--- Data under study Enclosed Below ---

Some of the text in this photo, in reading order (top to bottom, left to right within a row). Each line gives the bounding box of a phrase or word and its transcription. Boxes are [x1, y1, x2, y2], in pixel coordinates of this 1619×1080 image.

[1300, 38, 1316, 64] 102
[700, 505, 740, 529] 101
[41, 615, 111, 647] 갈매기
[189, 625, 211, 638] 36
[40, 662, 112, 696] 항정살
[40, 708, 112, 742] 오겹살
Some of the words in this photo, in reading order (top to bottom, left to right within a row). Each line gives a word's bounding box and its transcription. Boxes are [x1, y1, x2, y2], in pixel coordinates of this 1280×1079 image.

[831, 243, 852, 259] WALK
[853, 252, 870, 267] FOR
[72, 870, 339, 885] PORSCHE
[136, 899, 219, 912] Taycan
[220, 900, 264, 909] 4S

--- End of Enclosed Data under study ---

Retype every entry, keeping each character as it was.

### Task solution
Some of the text in this photo, in reading order (top to bottom, left to right within a row). Each line gives the bounding box of a phrase or word and its transcription. Boxes are [x1, y1, x2, y2], in pixel coordinates of this 1619×1080 image.

[1300, 38, 1316, 64] 102
[700, 505, 740, 529] 101
[41, 615, 111, 647] 갈매기
[189, 625, 211, 638] 36
[40, 662, 112, 696] 항정살
[40, 708, 112, 742] 오겹살
Some of the words in this photo, in reading order (top to bottom, left to right within a row). Each line gives a word's bounding box and its transcription. Boxes are [x1, y1, x2, y2], in pixel coordinates of this 1280×1079 image.

[831, 243, 852, 259] WALK
[853, 252, 870, 267] FOR
[72, 870, 339, 885] PORSCHE
[136, 899, 219, 912] Taycan
[220, 900, 264, 909] 4S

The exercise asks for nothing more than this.